The Godwulf Manuscript
- First edition
- Author: Robert B. Parker
- Cover artist: Paul Bacon
- Language: English
- Series: Spenser
- Genre: Detective novel
- Publisher: Houghton Mifflin
- Publication date: 1973
- Publication place: United States
- Media type: Print (hardback & paperback)
- Pages: 186 pp
- ISBN: 0-395-18011-2
- Followed by: God Save the Child

= The Godwulf Manuscript =

1973 crime novel by Robert B. Parker

The Godwulf Manuscript is the debut crime novel by American writer Robert B. Parker. It was published in January 1973 by Houghton Mifflin.

==Plot summary==
Set in the early 1970s, this novel serves as the introduction to Spenser, a private investigator in Boston. Spenser, who served as an infantryman in the 1st Infantry Division during the Korean War and as a former State trooper, is hired by Bradford W. Forbes, the president of an unnamed university (heavily implied to be Northeastern, the university at which Parker himself taught at the time) to recover a stolen illuminated manuscript, a medieval book of great historical and literary importance. It's being held for ransom by an unknown perpetrator who demands $100,000 be donated to a free school for the manuscript's return. It has no inherent monetary value since it cannot be fenced, and the university — a poor, inner-city school (much as Northeastern was at the time) — cannot afford the ransom.
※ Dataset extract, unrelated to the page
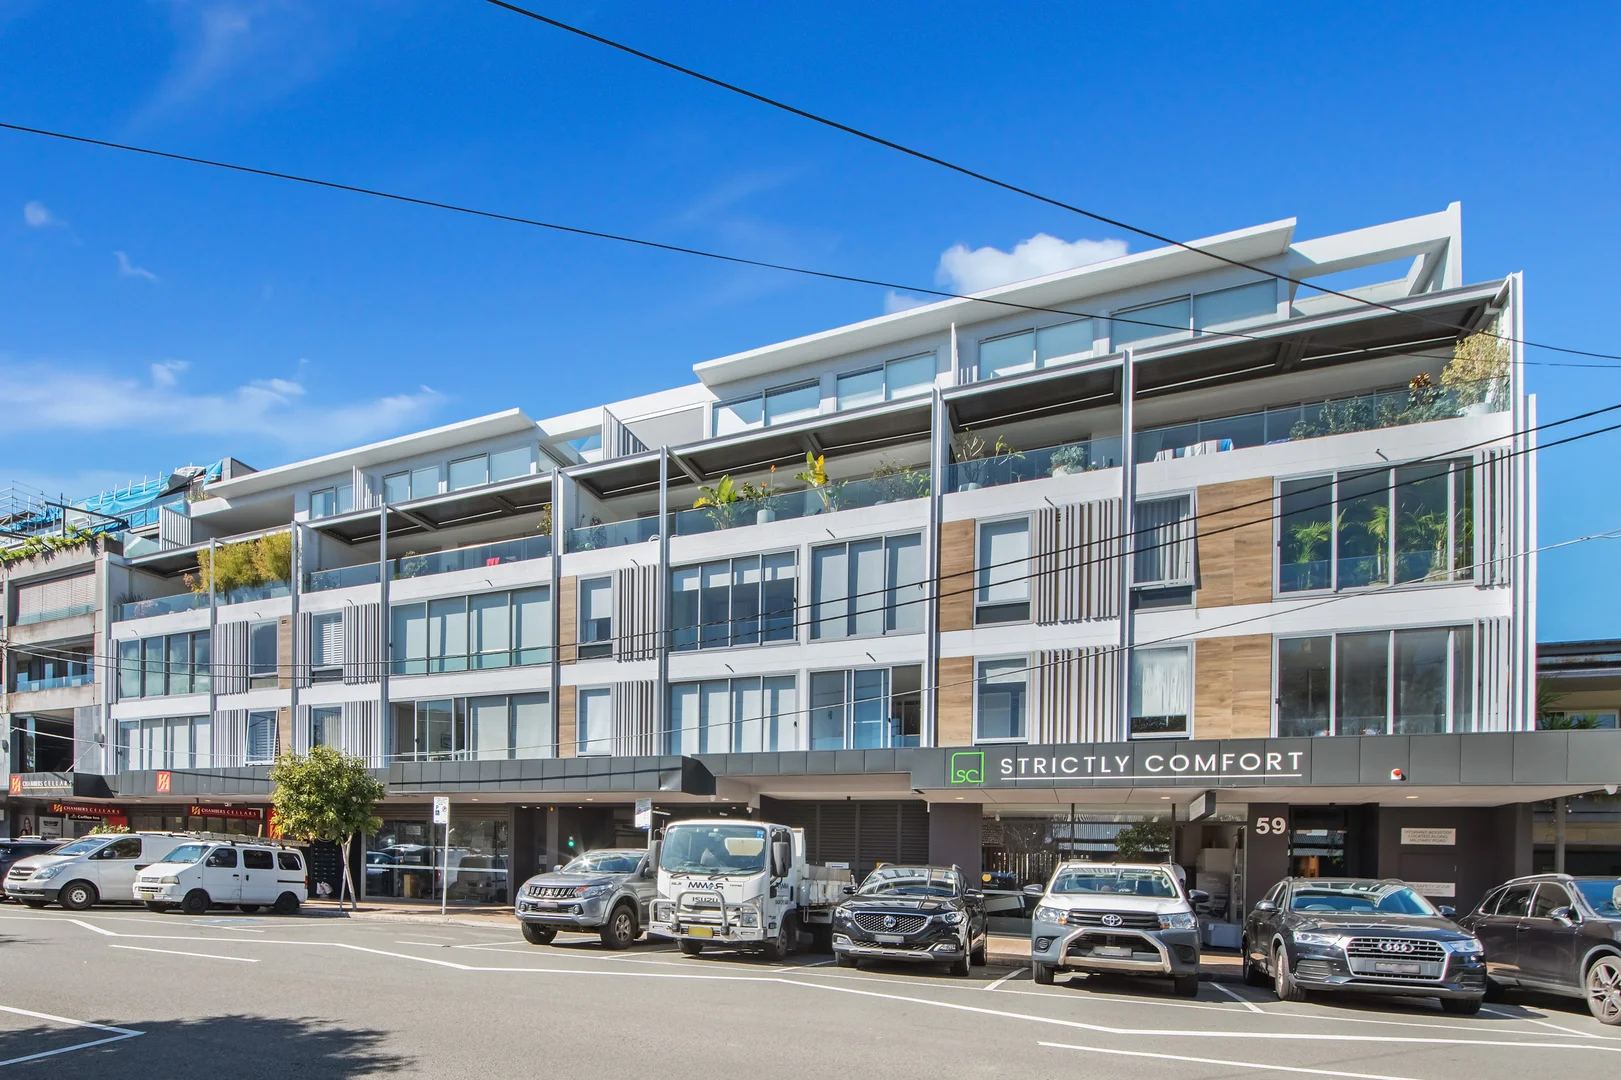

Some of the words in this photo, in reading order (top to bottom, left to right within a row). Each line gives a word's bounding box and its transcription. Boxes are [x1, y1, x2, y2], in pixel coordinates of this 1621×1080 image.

[1000, 756, 1130, 775] STRICTLY
[1145, 752, 1303, 772] COMFORT
[1255, 817, 1286, 835] 59
Head of campus security Carl Tower recommends investigating a radical student group called 'SCACE' (Student Committee Against Capitalist Exploitation) and their secretary, Terry Orchard. After talking to Terry and her boyfriend Dennis Powell, Spenser gets into a minor altercation with Powell. Later that night, Spenser receives a call from Terry requesting help. Spenser arrives at her apartment to find Dennis murdered, the killer having used Terry's gun, and Terry had been overdosed on an unknown drug. He determines that the murder is an attempt to frame Terry and from that point on he is determined to clear her name, believing the missing manuscript and Dennis's murder are related.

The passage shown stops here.